De acuerdo con la afectada, esto comenzó cuando dos hombres llegaron a la puerta de su vivienda para pedirle que abandonara el lugar; sin embargo, al solicitar una orden o algún oficio que acreditara el desalojo, nunca se le fue mostrado ningún documento que lo oficializara. Menciona que comenzaron a forzar la entrada y retirar sus cosas del interior del inmueble.
Así lo informó doña Mónica Ruiz Martínez, quien relató que durante el incidente también intentaron llevarse a su hija al tratar de defenderla y reclamar que se mostrara de manera oficial. “No me enseñaron ningún papel. “Solo entraron y sacaron todo”, expresó.

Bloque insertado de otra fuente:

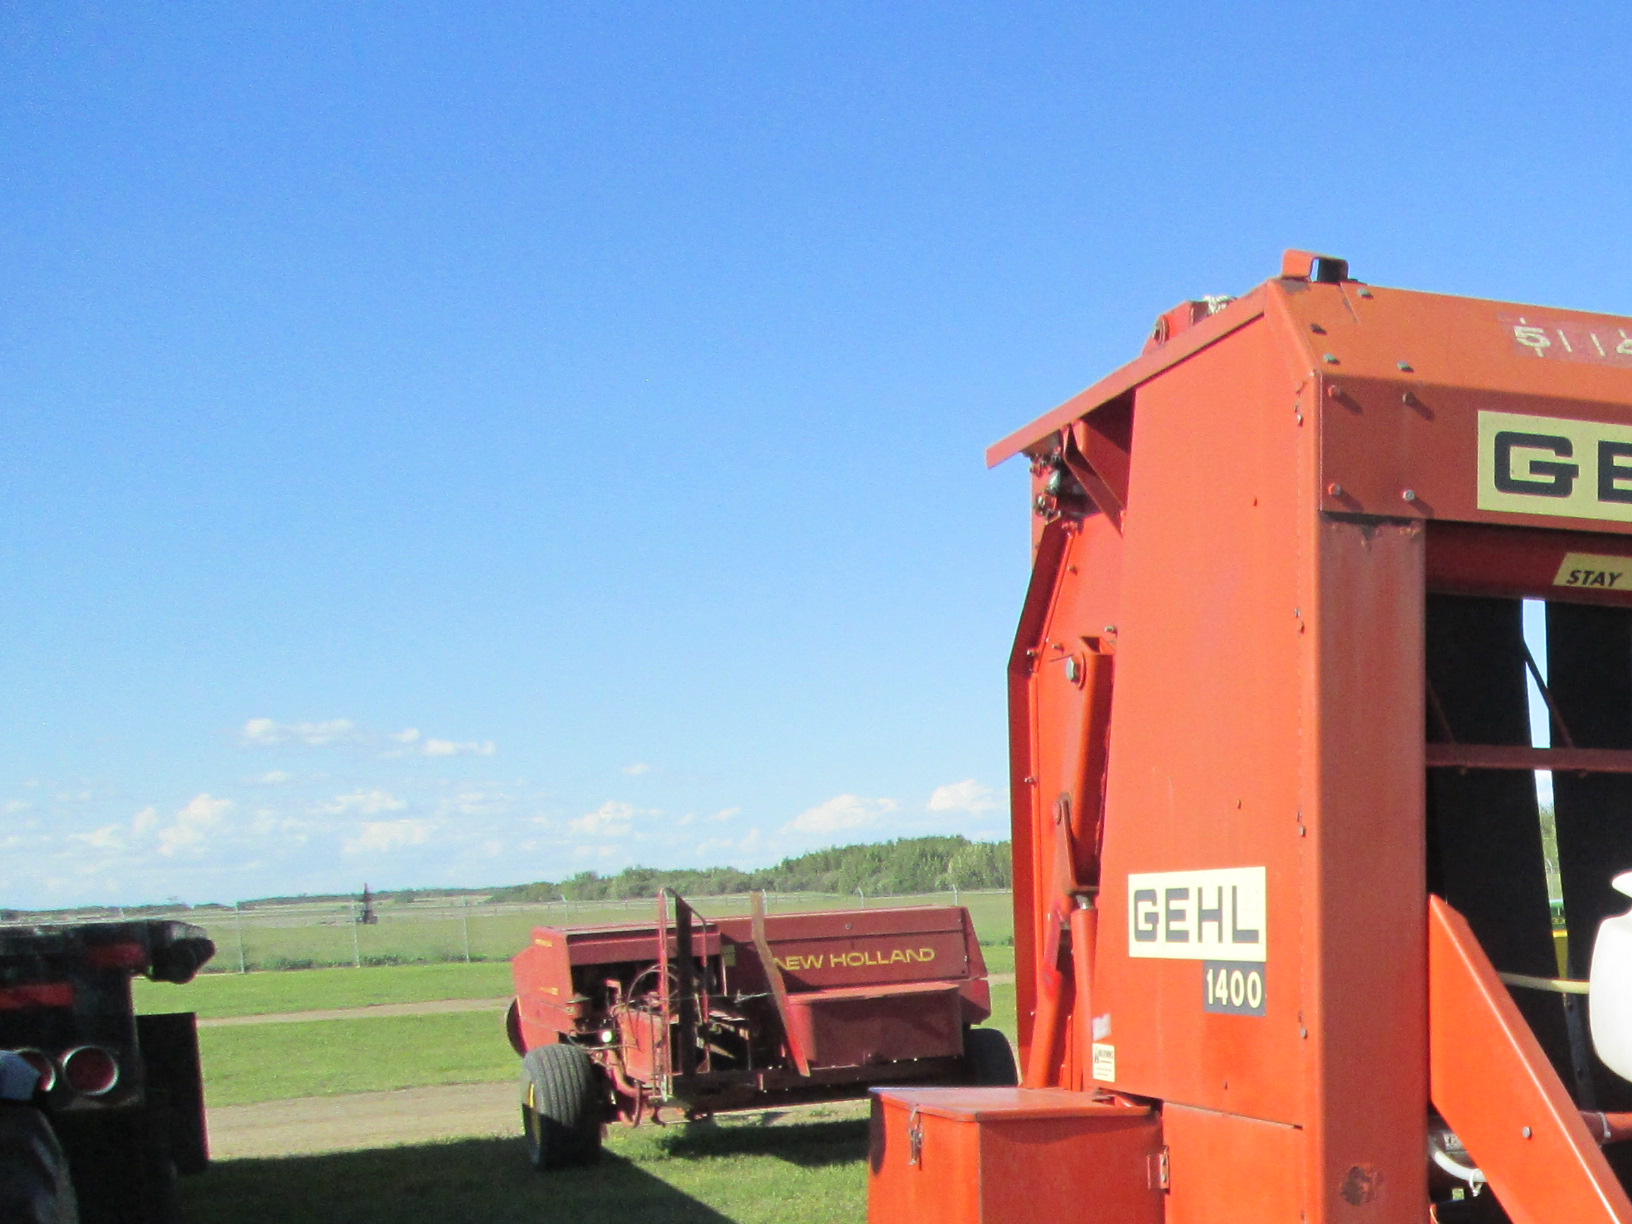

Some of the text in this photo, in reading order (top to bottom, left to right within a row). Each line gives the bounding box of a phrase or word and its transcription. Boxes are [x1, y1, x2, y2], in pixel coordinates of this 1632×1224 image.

Explico que las personas que encabezaron el desalojo serían familiares, en especial su hermana, presuntos propietarios del inmueble, lo que derivó en una confrontación directa. A pesar de ello, insistió en que el procedimiento careció de legalidad.
Durante el desalojo, indicó, no solo fueron retirados muebles y documentos personales, sino también sus animales, lo que agravó la situación. “Me dolió ver cómo sacaban mis cosas, mis papeles, todo lo que tenía”, comentó.
Tras lo ocurrido, Mónica Ruiz pasó la noche en un refugio de apoyo para mujeres, donde fue trasladada. Actualmente, busca rentar un espacio donde pueda reubicarse, ya que no cuenta con acceso a la vivienda, cuya puerta, según denunció, fue incluso soldada para impedir su ingreso.
Sobre el proceso legal, mencionó que autoridades le han indicado que su caso podría ser atendido; sin embargo, hasta el momento no cuenta con una resolución clara que le permita recuperar su vivienda o sus pertenencias.
Mientras tanto, la afectada asegura que su prioridad es encontrar un lugar seguro para vivir.